With Chef Seth Bixby Daugherty in an open kitchen setting and the rest of us comfortably seated, it was hard not to buy into his mission statement of getting people to EAT REAL FOODS, (Thankfully, we’re still able to do a lot of that in Jamaica) but so much easier to enjoy the smooth yet meaty textures of his olive oil poached halibut in a spicy cucumber broth, Gazpacho salad and micro basil.
Earlier that Thursday afternoon Johanne Killeen and George Germon of Al Forno Restaurant, Rhode Island had shared their culinary skills as they, in between interesting food anecdotes and ever so handy food tips, whipped up cold shrimp and shaved mushroom salad, pasta shells with tomato, cream and five cheeses and delicious strawberries for dessert. Their comfy good nature stemming perhaps from their multi-cultural backgrounds. New York-raised George learned Italian cooking from his mom (who in turn learned from her mom), while his Greek father, Demetri, also cooked, regaling the family dishes he learned from his mom before emigrating to America.
George’s father also had a garden full of choice vegetables and George was able to enjoy juicy ripe tomatoes plucked straight from his own garden.

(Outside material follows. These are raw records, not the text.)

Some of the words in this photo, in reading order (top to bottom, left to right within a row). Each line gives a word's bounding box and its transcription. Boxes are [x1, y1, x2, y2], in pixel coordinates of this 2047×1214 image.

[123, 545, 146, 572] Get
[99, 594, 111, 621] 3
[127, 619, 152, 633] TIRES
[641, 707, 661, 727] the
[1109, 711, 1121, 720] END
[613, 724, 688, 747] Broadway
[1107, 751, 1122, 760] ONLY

Enter Johanne: Her mom was Polish, a widow and a physician. The first pasta she tasted was pierogi. Johanne developed her passion for Italian food during childhood while accompanying her mom on house calls.
“The Italian patients,” she explains, “always had something cooking in the kitchen (often the basement rather than the ‘show’ kitchen.” The aromas instilled in her a serious case of Italian envy. “Thankfully,” she shares, “they were only too happy to share.our life today revolves around food and specifically pasta. You could call it an obsession. While most people do not trust anyone who doesn’t like dogs, our litmus test is pasta.” It is indeed and we’re thankful for our own quiet moment of pasta advice:
Abundant water and salt (at least 6 quarts of water and 3 1/2 tablespoons of sea salt)

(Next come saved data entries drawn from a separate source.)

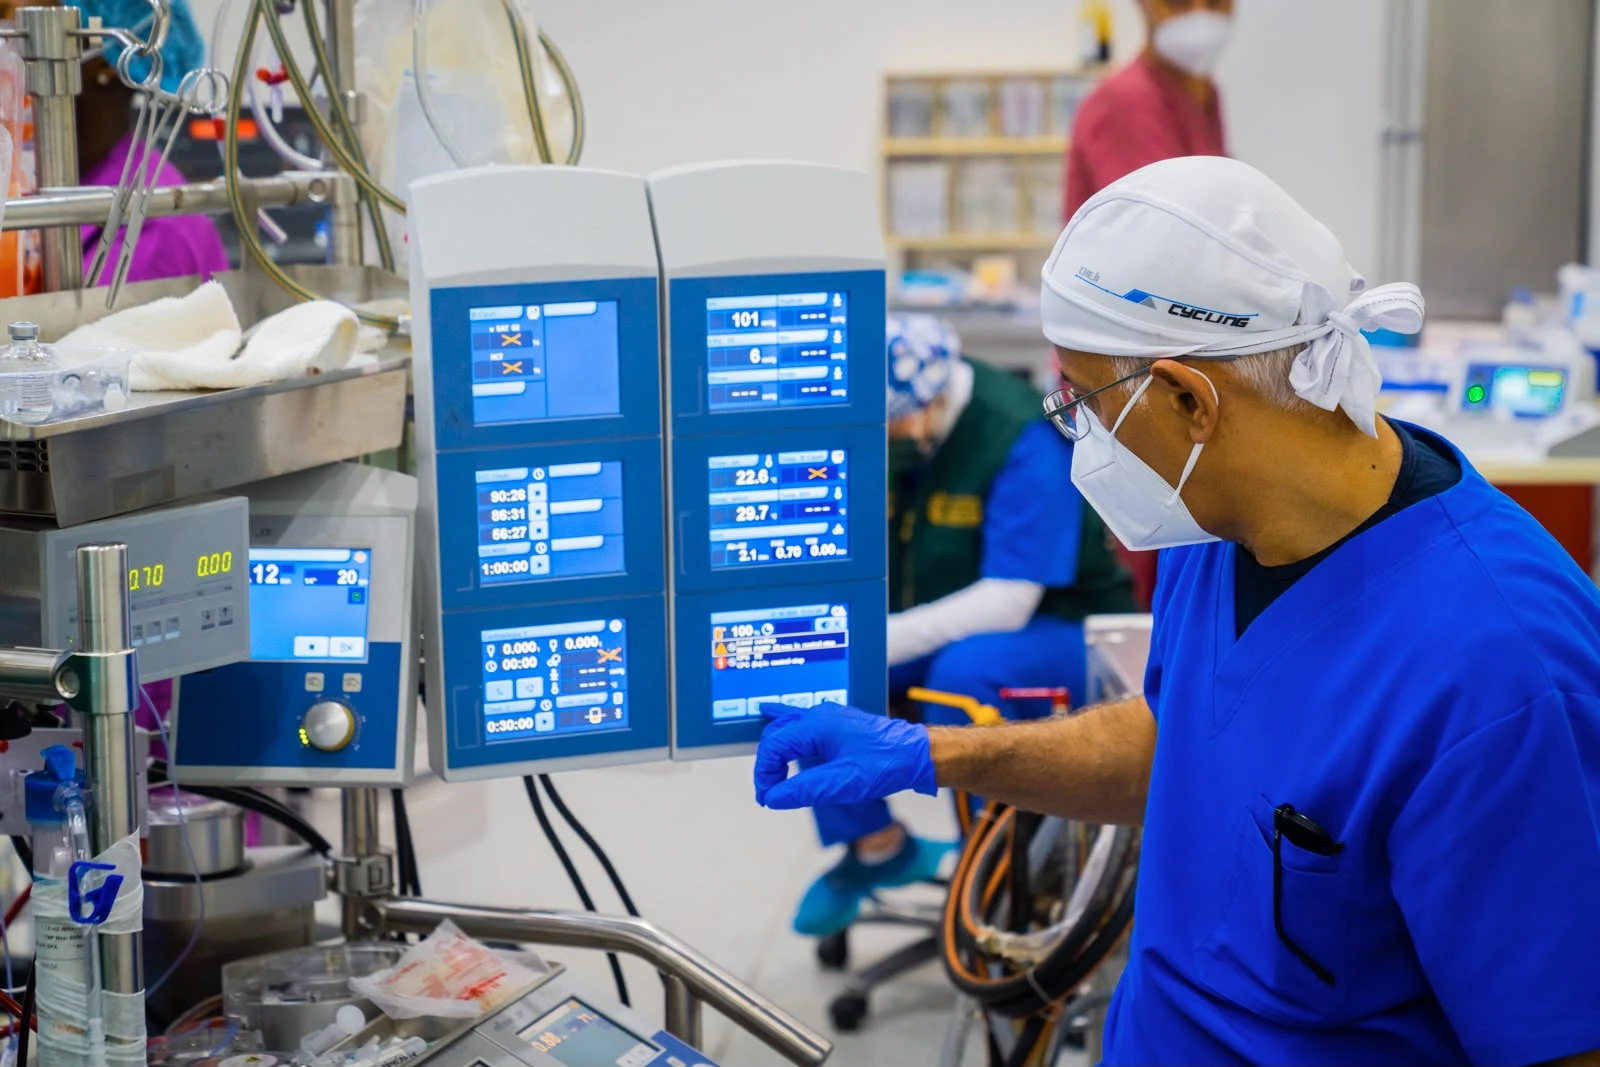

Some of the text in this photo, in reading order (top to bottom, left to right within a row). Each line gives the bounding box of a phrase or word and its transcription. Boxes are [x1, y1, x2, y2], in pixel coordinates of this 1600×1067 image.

[732, 311, 759, 328] 101
[1167, 303, 1250, 328] CYCLING
[750, 348, 761, 364] 6
[736, 469, 769, 486] 22.6
[736, 505, 770, 522] 29.7
[776, 545, 803, 559] 0.70
[198, 551, 233, 578] 0.00
[482, 560, 529, 576] 1:00:00
[129, 564, 165, 591] 0.70
[337, 570, 359, 586] 20
[731, 624, 754, 638] 100
[503, 636, 600, 656] 0.000 0.000
[502, 656, 539, 671] 00:00
[487, 717, 534, 734] 0:30:00

Stir to keep it apart. The water is what reduces the starch. Reduce flame after three minutes. This prevents pasta from sticking.
Keith Jones, the “Champagne Chef” and owner of Chef’s Secrets, wants as a result of his first visit to Jamaica to start an exchange programme. “There’s so much talent here,” he shares Thursday night at the Taste of Jamaica Festival. “I’m really impressed.I mean you’ve got guys in the kitchen using a single knife to create amazing masterpieces. Where I come from the guys have entire carving kits.”
The food too, has left a favourable after-taste, especially Grand Lido’s executive chef’s innovations, ably executed by his culinary team, with mouth-watering goodies like the fish broth and ackee and saltfish. Pastry chef Ernest Bell, of the exclusive Charlie Palmer Group in Las Vegas, was intent on sampling as much of the local culinary delights as possible but had high praises for the braised oxtail, curry goat and jerk chicken. We caught up with sommeliers Jason Quinn of Prime in Las Vegas and Michael A Jordan of Napa Rose, the premier restaurant in the luxurious Disney’s Grand California Hotel Resort in Anaheim, California at the dessert station enjoying blue draws, coconut drops and bread pudding. Chef Martin Maginley was kept busy on the grill exciting patrons with his jerk pork flamed with Red Stripe Beer as well as a magnificent whole roasted snapper marinated in vodka.
Chefs Lora Kirk and Lynn Crawford of Four Season, New York stood sipping their beverages as they took in the sights and sounds of the night complete with mento band, cane man and craft vendors like Clive Chambers. The 8th Annual Epicurean Escape By Land & Sea was held at the Grand Lido Resort & Spa June 27-July 1 and culminated Saturday evening with “Formal Dinner”. An elaborate seven-course affair complete with a post reception of Rum & Cognac Tasting, petits fours and truffle served butler style.